Collected data entries:
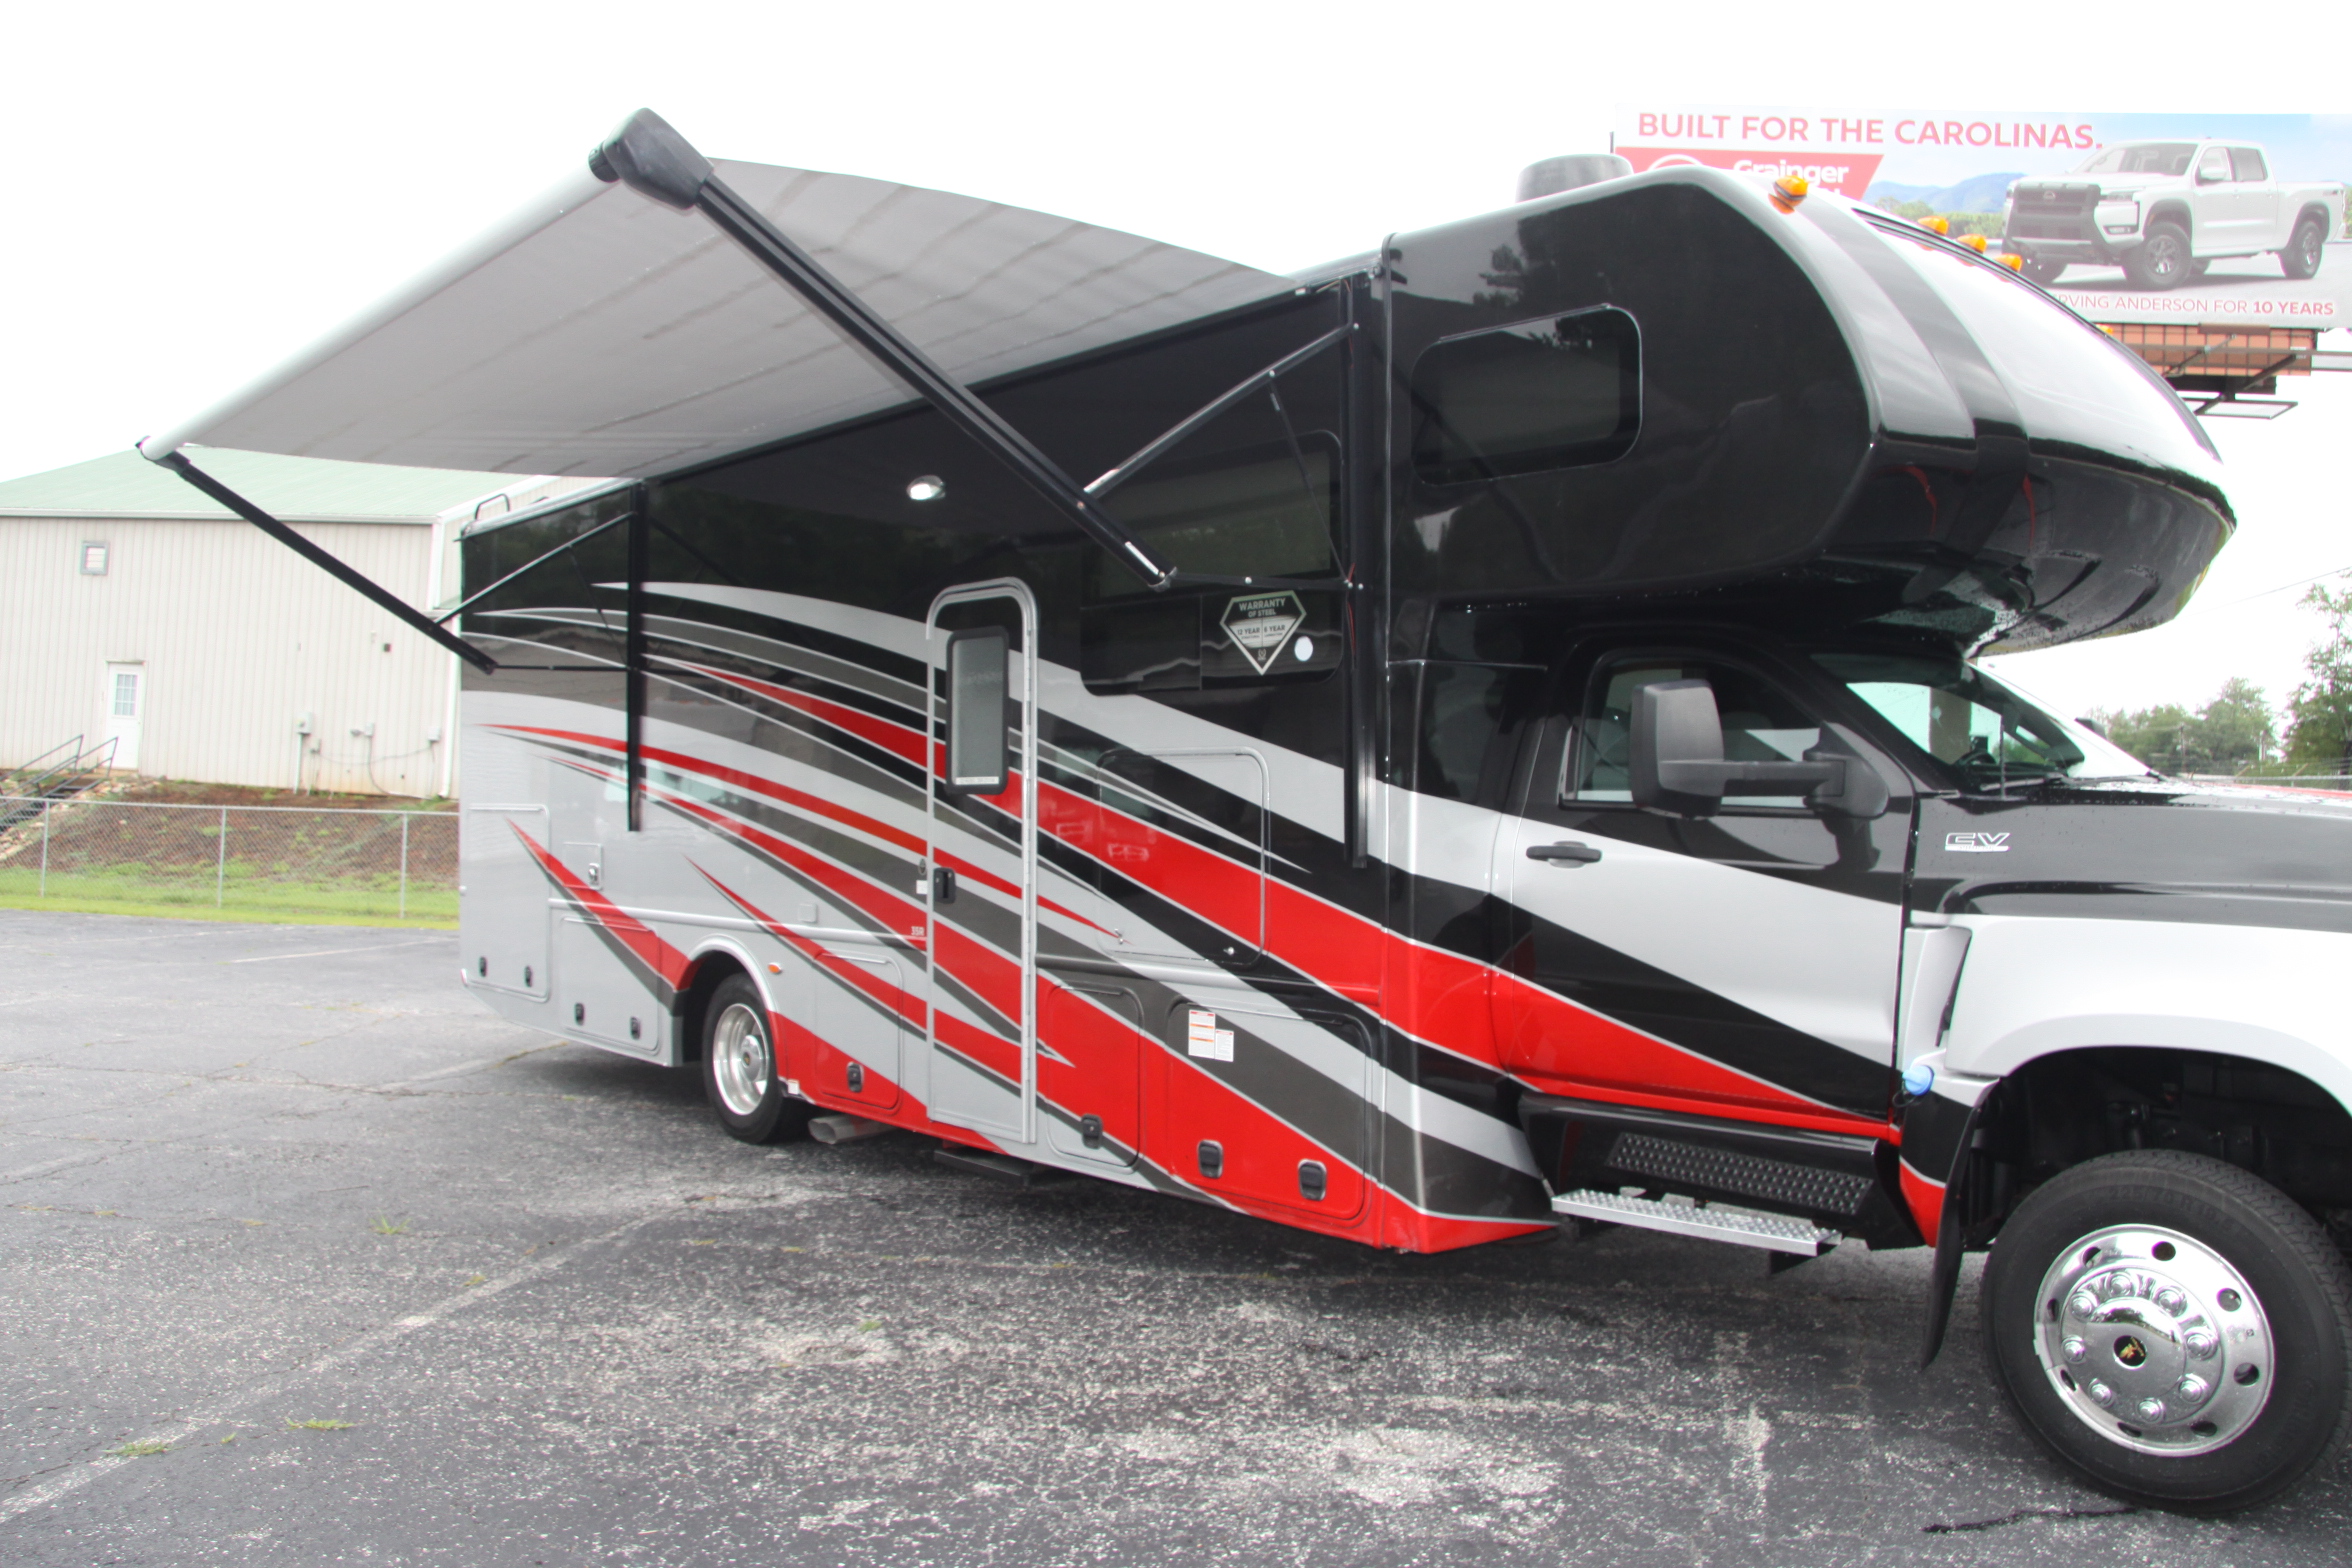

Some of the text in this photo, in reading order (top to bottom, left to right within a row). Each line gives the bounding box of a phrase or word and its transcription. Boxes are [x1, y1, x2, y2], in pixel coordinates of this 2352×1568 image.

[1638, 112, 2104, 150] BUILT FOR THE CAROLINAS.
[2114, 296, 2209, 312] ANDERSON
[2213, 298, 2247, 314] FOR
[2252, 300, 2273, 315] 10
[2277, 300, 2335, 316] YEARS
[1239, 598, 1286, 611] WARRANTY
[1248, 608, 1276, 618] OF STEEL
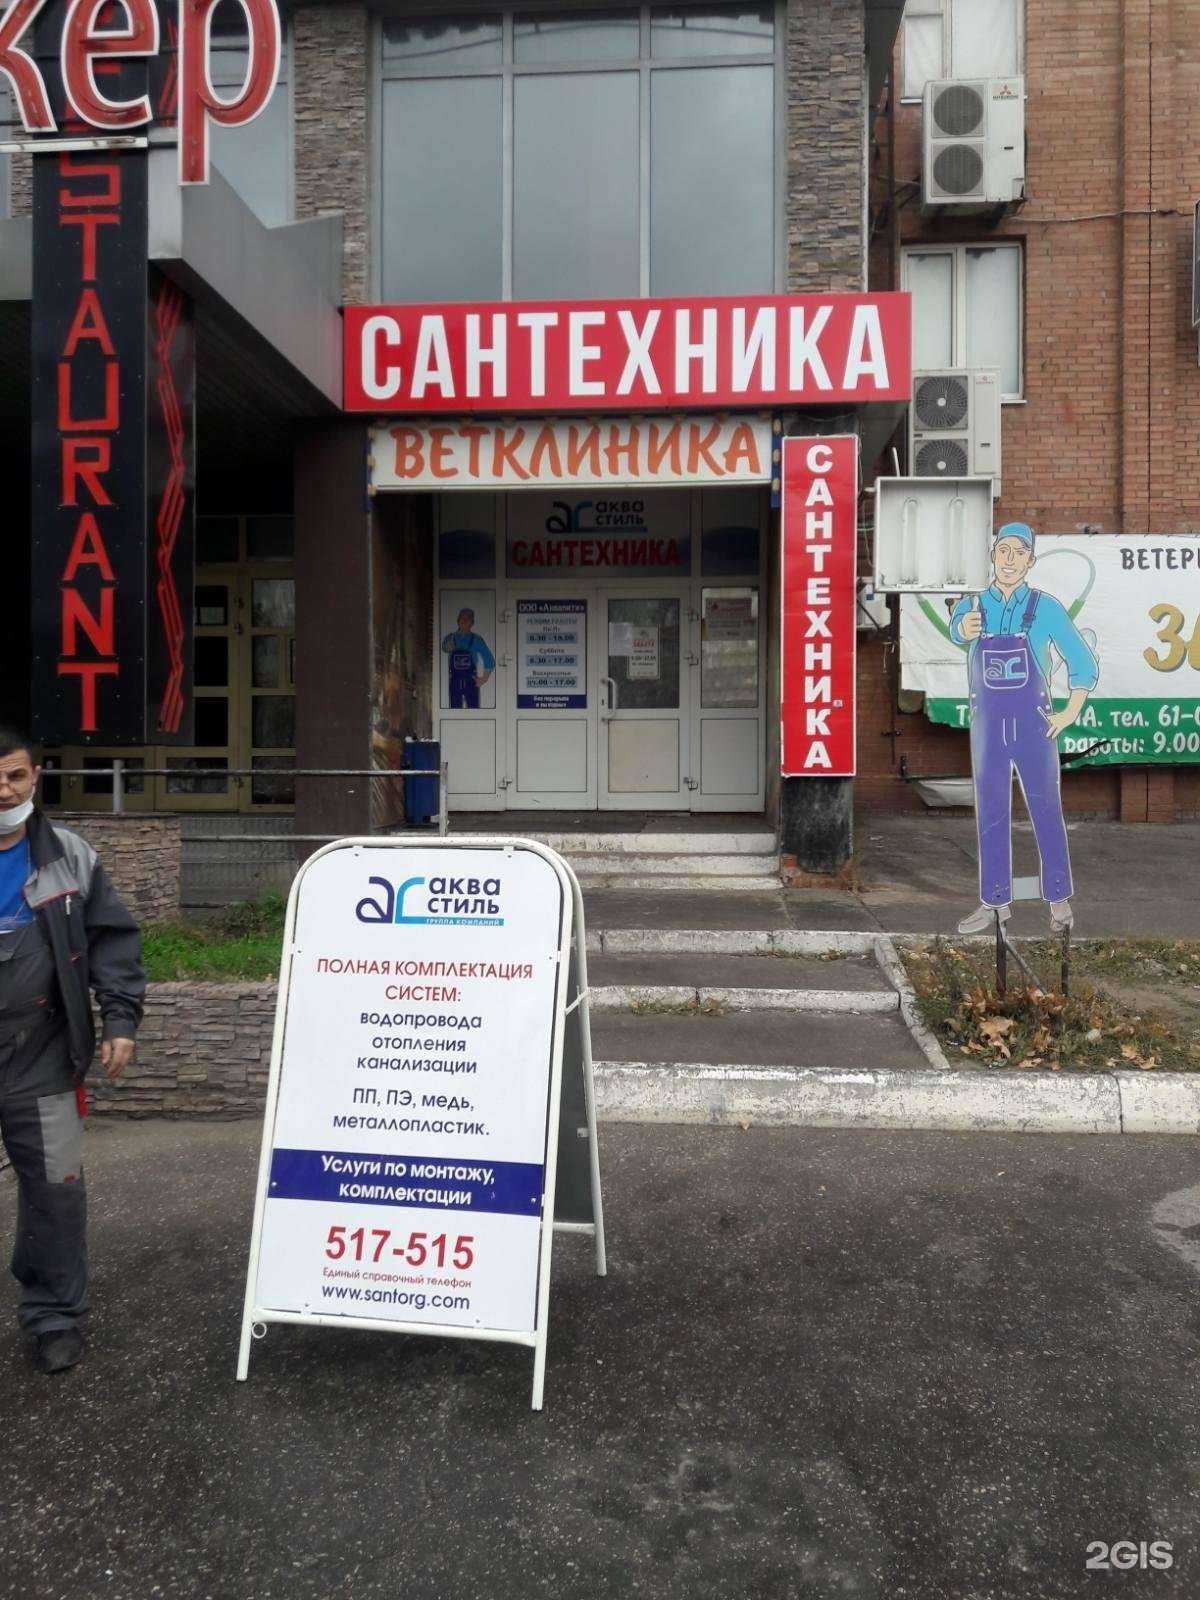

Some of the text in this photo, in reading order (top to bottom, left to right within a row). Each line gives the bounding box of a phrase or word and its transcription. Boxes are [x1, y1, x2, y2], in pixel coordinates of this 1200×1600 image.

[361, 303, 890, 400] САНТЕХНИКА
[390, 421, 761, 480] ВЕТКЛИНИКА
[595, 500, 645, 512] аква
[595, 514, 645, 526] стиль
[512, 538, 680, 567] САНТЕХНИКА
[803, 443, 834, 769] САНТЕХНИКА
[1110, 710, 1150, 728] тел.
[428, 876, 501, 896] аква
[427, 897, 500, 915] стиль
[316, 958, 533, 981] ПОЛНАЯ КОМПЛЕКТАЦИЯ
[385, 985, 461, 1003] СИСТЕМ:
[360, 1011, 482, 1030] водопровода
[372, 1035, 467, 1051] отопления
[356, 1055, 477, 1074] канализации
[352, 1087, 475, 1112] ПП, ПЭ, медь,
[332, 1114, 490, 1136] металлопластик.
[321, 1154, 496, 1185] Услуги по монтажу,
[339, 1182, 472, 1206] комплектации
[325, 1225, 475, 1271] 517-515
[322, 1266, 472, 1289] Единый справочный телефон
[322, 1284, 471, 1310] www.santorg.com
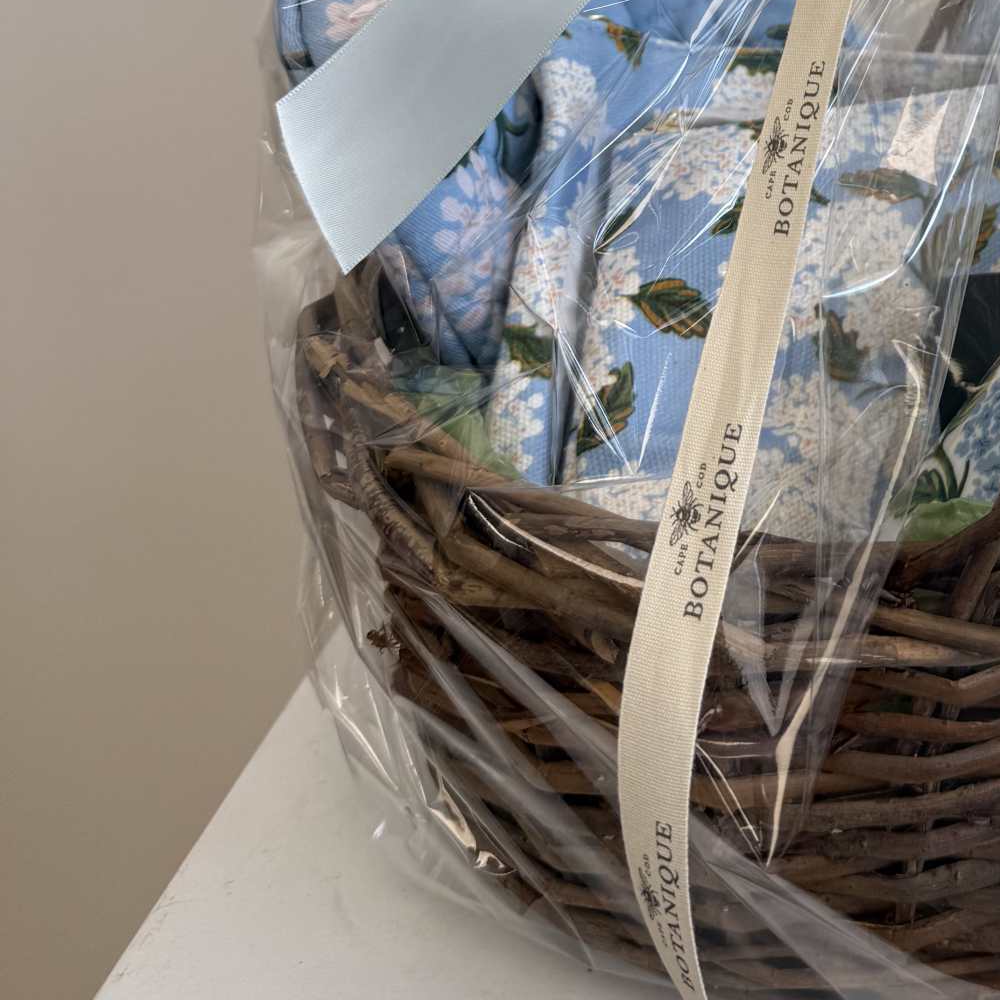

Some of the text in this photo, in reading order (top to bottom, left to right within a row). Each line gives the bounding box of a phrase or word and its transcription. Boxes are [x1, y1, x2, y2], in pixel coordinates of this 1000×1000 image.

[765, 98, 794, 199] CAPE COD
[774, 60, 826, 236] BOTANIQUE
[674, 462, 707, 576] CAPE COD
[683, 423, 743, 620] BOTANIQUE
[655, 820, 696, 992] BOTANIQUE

### Work to be completed:
Set down the records again verbatim, with no pictures.

### Solved exercise:
Some of the text in this photo, in reading order (top to bottom, left to right within a row). Each line gives the bounding box of a phrase or word and its transcription. Boxes are [x1, y1, x2, y2], in pixel coordinates of this 2352×1568 image.

[1638, 112, 2104, 150] BUILT FOR THE CAROLINAS.
[2114, 296, 2209, 312] ANDERSON
[2213, 298, 2247, 314] FOR
[2252, 300, 2273, 315] 10
[2277, 300, 2335, 316] YEARS
[1239, 598, 1286, 611] WARRANTY
[1248, 608, 1276, 618] OF STEEL

Some of the text in this photo, in reading order (top to bottom, left to right within a row). Each line gives the bounding box of a phrase or word and its transcription. Boxes are [x1, y1, x2, y2], in pixel coordinates of this 1200×1600 image.

[361, 303, 890, 400] САНТЕХНИКА
[390, 421, 761, 480] ВЕТКЛИНИКА
[595, 500, 645, 512] аква
[595, 514, 645, 526] стиль
[512, 538, 680, 567] САНТЕХНИКА
[803, 443, 834, 769] САНТЕХНИКА
[1110, 710, 1150, 728] тел.
[428, 876, 501, 896] аква
[427, 897, 500, 915] стиль
[316, 958, 533, 981] ПОЛНАЯ КОМПЛЕКТАЦИЯ
[385, 985, 461, 1003] СИСТЕМ:
[360, 1011, 482, 1030] водопровода
[372, 1035, 467, 1051] отопления
[356, 1055, 477, 1074] канализации
[352, 1087, 475, 1112] ПП, ПЭ, медь,
[332, 1114, 490, 1136] металлопластик.
[321, 1154, 496, 1185] Услуги по монтажу,
[339, 1182, 472, 1206] комплектации
[325, 1225, 475, 1271] 517-515
[322, 1266, 472, 1289] Единый справочный телефон
[322, 1284, 471, 1310] www.santorg.com

Some of the text in this photo, in reading order (top to bottom, left to right within a row). Each line gives the bounding box of a phrase or word and its transcription. Boxes are [x1, y1, x2, y2], in pixel coordinates of this 1000×1000 image.

[765, 98, 794, 199] CAPE COD
[774, 60, 826, 236] BOTANIQUE
[674, 462, 707, 576] CAPE COD
[683, 423, 743, 620] BOTANIQUE
[655, 820, 696, 992] BOTANIQUE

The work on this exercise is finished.